India has set an ambitious goal of increasing the domestic dairy market from Rs 13 lakh crore to Rs 30 lakh crore by 2027 and also tapping export markets in neighbouring countries of Bhutan, Nepal, Bangladesh and Sri Lanka. Rising prices and shortage of fodder pose hurdles which need to be overcome to achieve the goals. The Central Government informed the Lok Sabha in December that wholesale price index (WPI) data released by the Commerce and Industry Ministry showed that the index value for fodder registered an increase of 27.66 per cent in November 2022, over the same month in 2021. Rising fodder prices led to a hike in milk prices and but the hike in milk price is quite less compared to fodder price which is affecting the profitability of dairy farmers.
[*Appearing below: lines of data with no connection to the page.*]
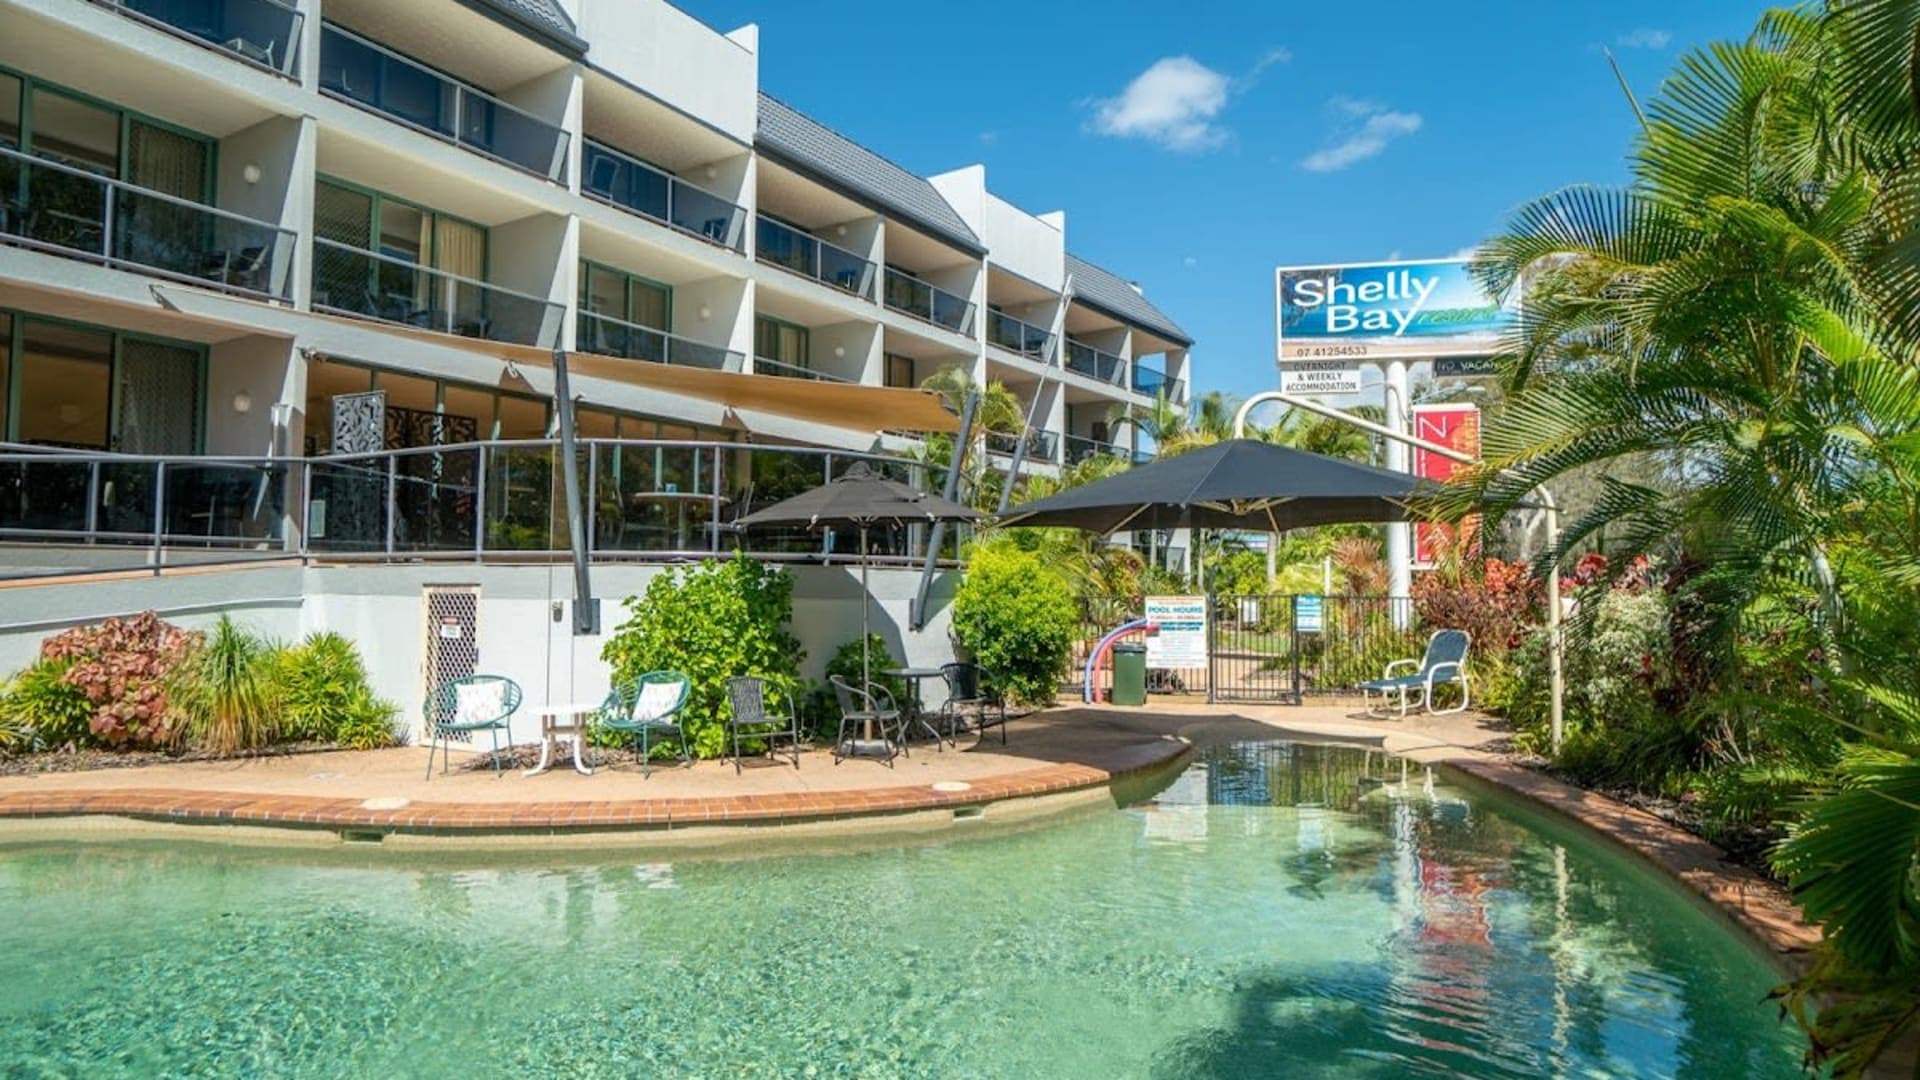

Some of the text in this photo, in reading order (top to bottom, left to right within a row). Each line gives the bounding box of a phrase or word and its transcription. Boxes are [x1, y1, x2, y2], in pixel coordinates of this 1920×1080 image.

[1293, 270, 1440, 309] Shelly
[1327, 305, 1417, 336] Bay
[1297, 346, 1368, 358] 07 41254533
[1294, 361, 1346, 371] OVERNIGHT
[1297, 372, 1343, 381] & WEEKLY
[1286, 381, 1357, 392] ACCOMMODATION
Estimates of the ICAR- Indian Grassland and Fodder Research Institute (IGFRI), Jhansi show that there is a deficit of 11.24%, 23.4 % and 28.9% in green fodder, dry fodder and concentrates respectively at the national level. Addressing shortages in fodder is vital for supply-side intervention for price stabilization but the states assessing current and projected demand due to expansion in the dairy sector is essential for demand-side management. The Department of Agriculture and Farmers Welfare designates National Dairy Development Board (NDDB) as implementing agency under the scheme of Formation and Promotion of 10,000 Farmer Producer organizations (FPOs) to form and promote 100 FPOs, primarily fodder-centric and animal husbandry activities as a secondary activity as Fodder plus model is an initiative to address fodder shortage.
The Fodder Plus FPOs will take fodder development activities such as green fodder/forage production and sale, production of ‘ready-to-eat’ total mixed ration feed to cattle, securing crop residues and its sale and other animal husbandry activities, to provide market access to small and marginal farmers. According to official information, the NDDB has initiated consultations for the identification of the Milk Unions/Federations/ Milk Producer Organisations/Government Agencies etc., as Cluster Based Business Organizations (CBBOs) and till December last year 34 organizations had submitted Letters of Intent for the formation of 62 FPOs which indicates the response by stakeholders.
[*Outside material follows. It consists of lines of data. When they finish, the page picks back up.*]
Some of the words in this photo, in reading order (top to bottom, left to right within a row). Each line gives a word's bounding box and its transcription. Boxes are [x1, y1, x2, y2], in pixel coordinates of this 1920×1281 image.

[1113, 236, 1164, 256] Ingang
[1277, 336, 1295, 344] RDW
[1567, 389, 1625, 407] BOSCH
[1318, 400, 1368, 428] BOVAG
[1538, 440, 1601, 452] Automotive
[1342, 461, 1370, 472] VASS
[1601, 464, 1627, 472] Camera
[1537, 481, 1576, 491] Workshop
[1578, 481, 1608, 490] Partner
Farmers focusing on commercial crops, degradation of grazing lands, rising input cost, non-availability of quality fodder seeds, rising demand for fodder to cater to the growth of the dairy sector and policy gaps in fodder management are the primary reasons behind fodder shortage. National Action Plan on Fodder and Feed Security Programme estimates that fodder and feed contribute up to 50% towards livestock productivity and production. The plan highlights the fact small and marginal farmers in the country own only 44% of agricultural land but they own over 80% of livestock assets which explains the importance of the dairy sector’s growth in achieving the national goal of doubling farmers’ income.
The national plan has projected that the shortage of green fodder in 2025 according to the 34th Report of the Parliamentary Standing Committee on Agriculture would be around 40%, that of dry fodder would be around 23% and concentrate shortage would be 38%. Assam government signing a Memorandum of Understanding with the NDDB for the creation of a joint venture for creating the milt processing capacity to the tune of 10 lakh litres of milk every day triggered new hopes in the state’s dairy sector. Estimating fodder requirements and ensuring availability to small and marginal farmers at affordable prices will be critical for the long-term sustainability of such initiatives.
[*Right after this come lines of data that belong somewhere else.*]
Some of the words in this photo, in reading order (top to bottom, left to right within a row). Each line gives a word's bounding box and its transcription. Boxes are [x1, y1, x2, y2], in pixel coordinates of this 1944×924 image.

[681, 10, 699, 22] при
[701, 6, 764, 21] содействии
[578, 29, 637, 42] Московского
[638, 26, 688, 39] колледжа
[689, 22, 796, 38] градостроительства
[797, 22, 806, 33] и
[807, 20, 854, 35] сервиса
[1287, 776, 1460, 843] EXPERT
The Strategy Paper on Feed and Fodder Sector, Assam prepared by the Animal Husbandry and Veterinary Department points out the limitation of the traditional practice of feeding rice straw as fodder. Rice straws contain high fibre but minimum nutrition and therefore feeding it cannot keep animals productive for a long duration and quality production cannot be expected by feeding only straws. Building awareness among farmers in the state about the available fodder market due to the rising demand for milk and expansion of the dairy sector can motivate them to take fodder cultivation on a commercial scale.
Conservation of pastoral lands is also crucial. Providing such farmers with quality fodder seeds at an affordable price and market linkage and support for selling their products are essential to boost their confidence to keep engaged in fodder cultivation. Encouraging dairy farmers to take up fodder cultivation or fodder cultivators to rear cattle for milk production will go a long way in increasing their income through quality and increased milk production, provided milk produced is procured by milk unions or cooperatives in the village or the nearby village at a remunerative price.
The government supporting the milk unions or dairy cooperatives through the creation of the dairy milk value chain through setting up of chilling, processing, packaging units, transport, distribution and retail sale of milk and milk derivatives will be crucial for the sustainability of fodder cultivation in the state and elsewhere in the country.